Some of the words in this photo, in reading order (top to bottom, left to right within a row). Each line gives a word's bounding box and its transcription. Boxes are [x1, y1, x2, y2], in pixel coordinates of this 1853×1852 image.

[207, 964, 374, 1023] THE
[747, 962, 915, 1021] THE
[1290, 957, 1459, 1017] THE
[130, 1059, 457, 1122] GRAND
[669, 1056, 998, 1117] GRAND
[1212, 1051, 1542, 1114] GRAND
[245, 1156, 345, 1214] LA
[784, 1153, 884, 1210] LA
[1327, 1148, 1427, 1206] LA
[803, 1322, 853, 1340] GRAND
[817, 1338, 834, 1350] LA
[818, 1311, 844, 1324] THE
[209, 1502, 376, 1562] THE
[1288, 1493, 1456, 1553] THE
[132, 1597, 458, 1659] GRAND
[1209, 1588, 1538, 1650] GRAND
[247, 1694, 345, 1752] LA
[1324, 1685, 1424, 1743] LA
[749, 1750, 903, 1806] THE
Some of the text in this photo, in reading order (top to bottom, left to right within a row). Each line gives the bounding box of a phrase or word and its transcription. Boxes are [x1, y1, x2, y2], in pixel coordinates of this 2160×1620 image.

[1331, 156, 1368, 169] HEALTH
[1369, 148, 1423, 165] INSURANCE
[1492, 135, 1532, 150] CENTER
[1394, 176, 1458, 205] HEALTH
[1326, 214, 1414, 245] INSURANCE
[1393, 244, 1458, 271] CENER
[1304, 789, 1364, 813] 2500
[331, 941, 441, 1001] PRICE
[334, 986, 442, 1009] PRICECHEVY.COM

--- Exercise description ---
Repeat every entry exactly, leaving nothing out.

--- The completed task ---
Some of the words in this photo, in reading order (top to bottom, left to right within a row). Each line gives a word's bounding box and its transcription. Boxes are [x1, y1, x2, y2], in pixel coordinates of this 1853×1852 image.

[207, 964, 374, 1023] THE
[747, 962, 915, 1021] THE
[1290, 957, 1459, 1017] THE
[130, 1059, 457, 1122] GRAND
[669, 1056, 998, 1117] GRAND
[1212, 1051, 1542, 1114] GRAND
[245, 1156, 345, 1214] LA
[784, 1153, 884, 1210] LA
[1327, 1148, 1427, 1206] LA
[803, 1322, 853, 1340] GRAND
[817, 1338, 834, 1350] LA
[818, 1311, 844, 1324] THE
[209, 1502, 376, 1562] THE
[1288, 1493, 1456, 1553] THE
[132, 1597, 458, 1659] GRAND
[1209, 1588, 1538, 1650] GRAND
[247, 1694, 345, 1752] LA
[1324, 1685, 1424, 1743] LA
[749, 1750, 903, 1806] THE
Some of the text in this photo, in reading order (top to bottom, left to right within a row). Each line gives the bounding box of a phrase or word and its transcription. Boxes are [x1, y1, x2, y2], in pixel coordinates of this 2160×1620 image.

[1331, 156, 1368, 169] HEALTH
[1369, 148, 1423, 165] INSURANCE
[1492, 135, 1532, 150] CENTER
[1394, 176, 1458, 205] HEALTH
[1326, 214, 1414, 245] INSURANCE
[1393, 244, 1458, 271] CENER
[1304, 789, 1364, 813] 2500
[331, 941, 441, 1001] PRICE
[334, 986, 442, 1009] PRICECHEVY.COM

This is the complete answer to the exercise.